Is the exact displacement = sum of ( speed * time ) ?

thanks.

[whozum]

Exact displacement is the area between a velocity curve and the x-axis.

[dextercioby]

It's not a sum,but an integral...

\int d\vec{r} =\int \vec{v} \ dt

Choose two moments of time t_{1} < t_{2} and u'll find

\vec{r}\left(t_{2}\right)-\vec{r}\left(t_{1}\right) =\int_{t_{1}}^{t_{2}} \vec{v} \ dt

Daniel.

[PrudensOptimus]

integral is sum...

[dextercioby]

No.The integral is a limit of a Riemann/Darboux/... sum...

Daniel.

[PrudensOptimus]

i forgot to mention that the time is very very very small... it is in measured in miliseconds

[dextercioby]

The process of taking a limit is independent of the unit chosen for a physical quantity...

Daniel.

[PrudensOptimus]

so how do I make a good estimation of the area under the curve given the speed and time in miliseconds?

[dextercioby]

By evaluating that integral...Formulate the problem with its original text.Then we'll see what it needs to be done.

Daniel.

[kleinwolf]

Just try to apply a basic discrete integration scheme, like rectangles :

d=\sum_{i=1}^n v_i*\Delta t_i

I suppose in your case, the intervals \Delta t_i are all the same.
You can also use trapezoidal scheme.

But you can apply better integration scheme, like Simpson (2n order interpolation), or even higher splines stuff, aso...

[PrudensOptimus]

what is the Simpson's method?

[kleinwolf]

I think in the Simpson method you interpolate 3 points with a parabola and integrate the obtained curve. This is equivalent to the ponderation : 2/3*rectangle+1/3*trapezes and gives :

d=\sum_{i=1}^{N-1}(v(t_{i+1})+4v(\frac{t_i+t_{i+1}}{2})+v(t_{i})) \frac{\Delta t_i}{6}

It's of double order than rectangles....

[whozum]

The easiest way is to find a fit to your curve, integrate that wrt time, and evaluate your endpoints.

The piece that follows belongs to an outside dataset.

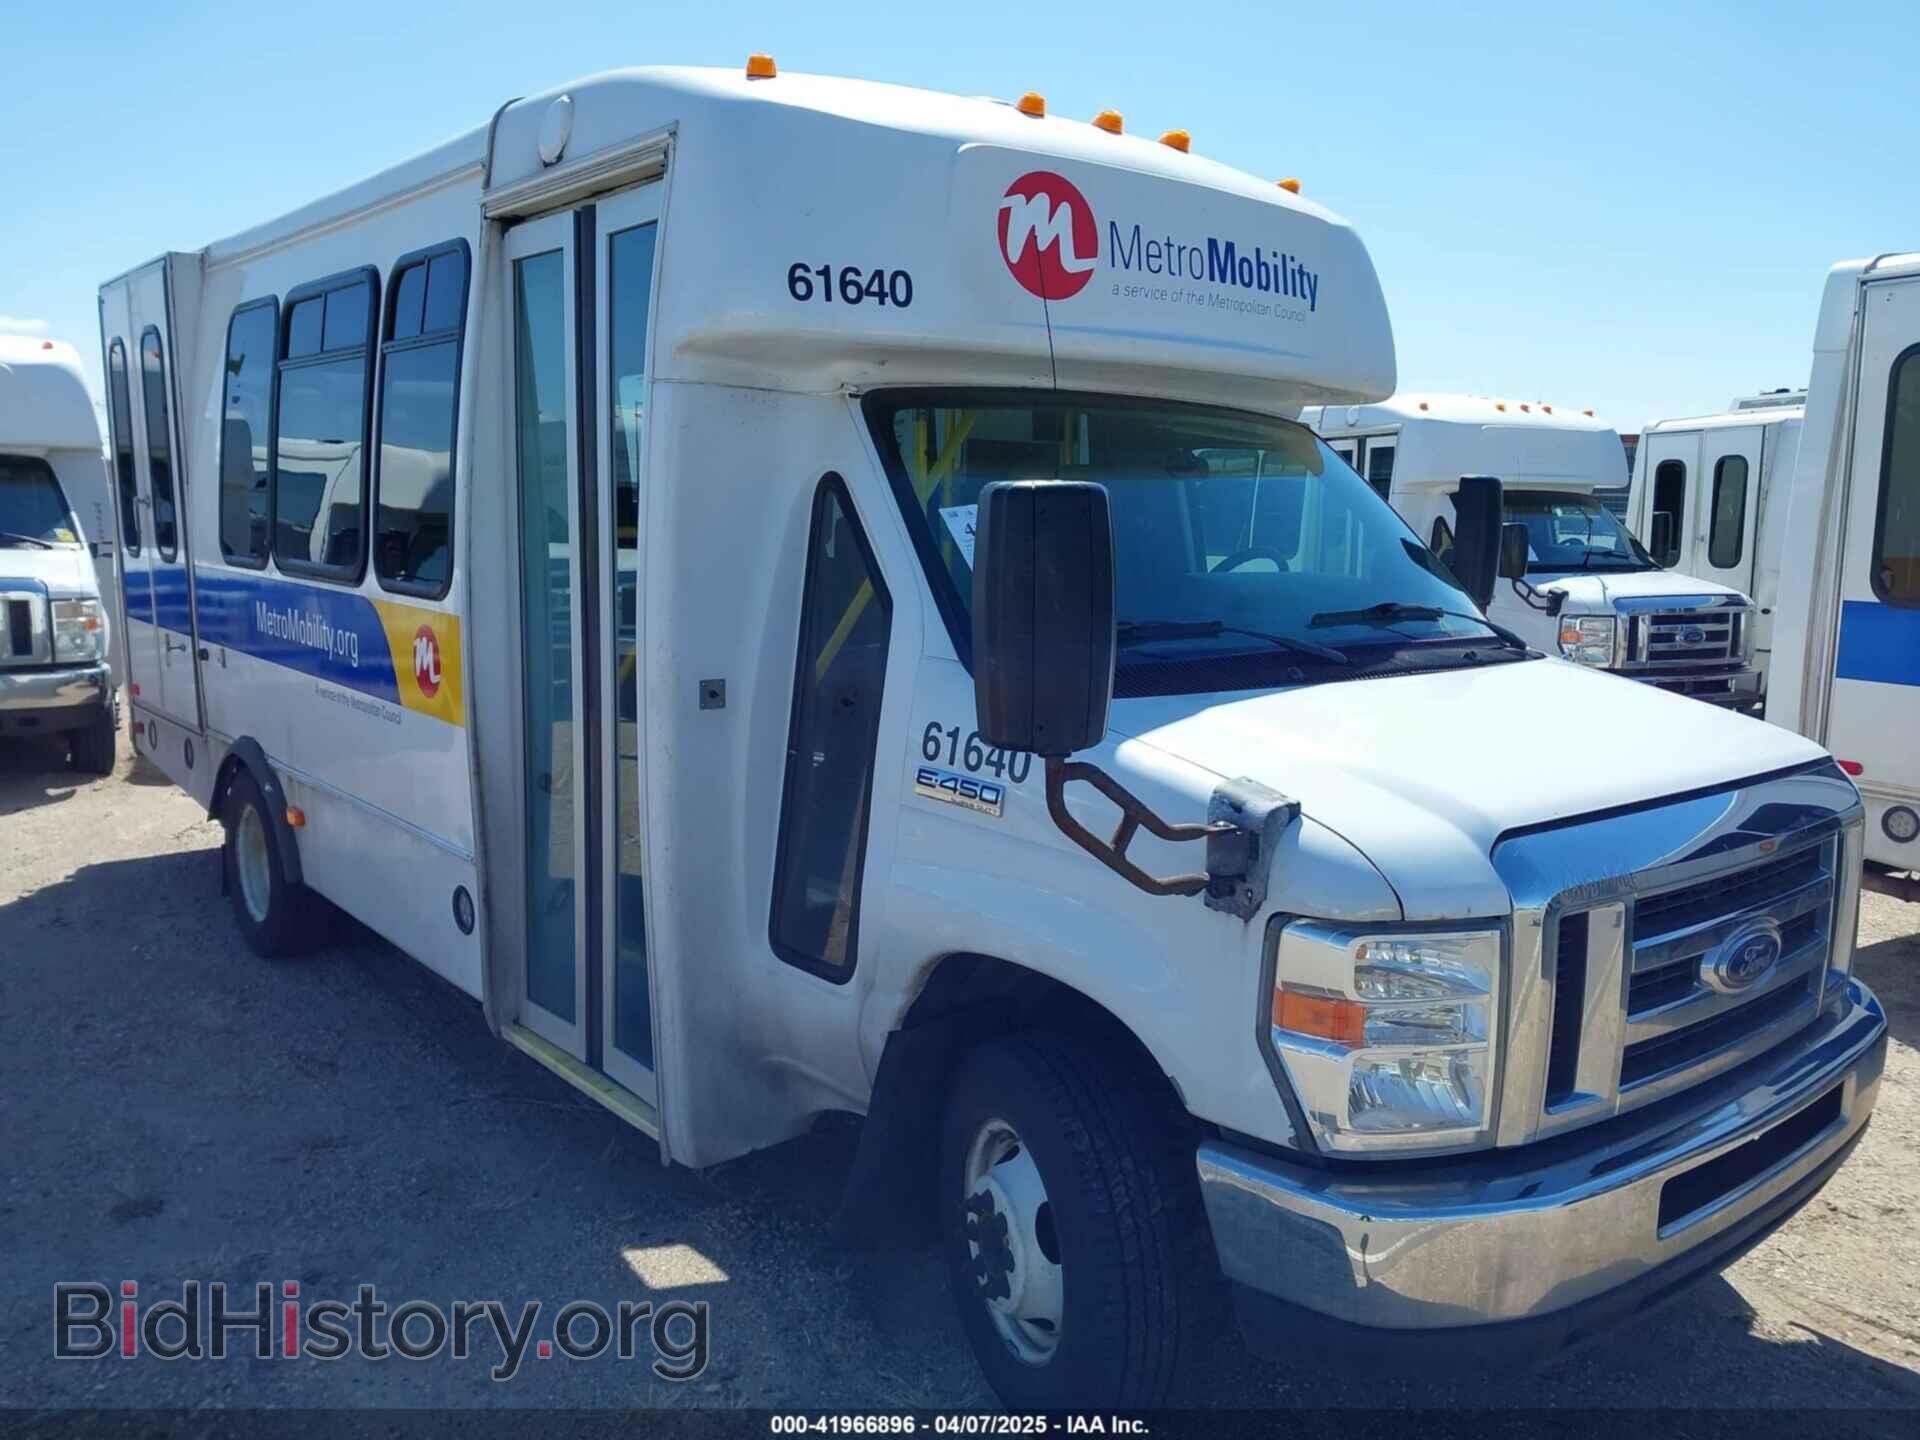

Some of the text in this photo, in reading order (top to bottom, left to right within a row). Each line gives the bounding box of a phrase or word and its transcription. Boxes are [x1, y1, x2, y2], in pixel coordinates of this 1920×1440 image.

Best estimation you could get.

[Data]

If you are given intervals in time and speeds that remain constant (piecewise, presumably) over those intervals, then taking a sum over all the intervals of the time on the interval times the speed on the interval will give you the exact displacement, yes.

[PrudensOptimus]

If you are given intervals in time and speeds that remain constant (piecewise, presumably) over those intervals, then taking a sum over all the intervals of the time on the interval times the speed on the interval will give you the exact displacement, yes.


Thank you.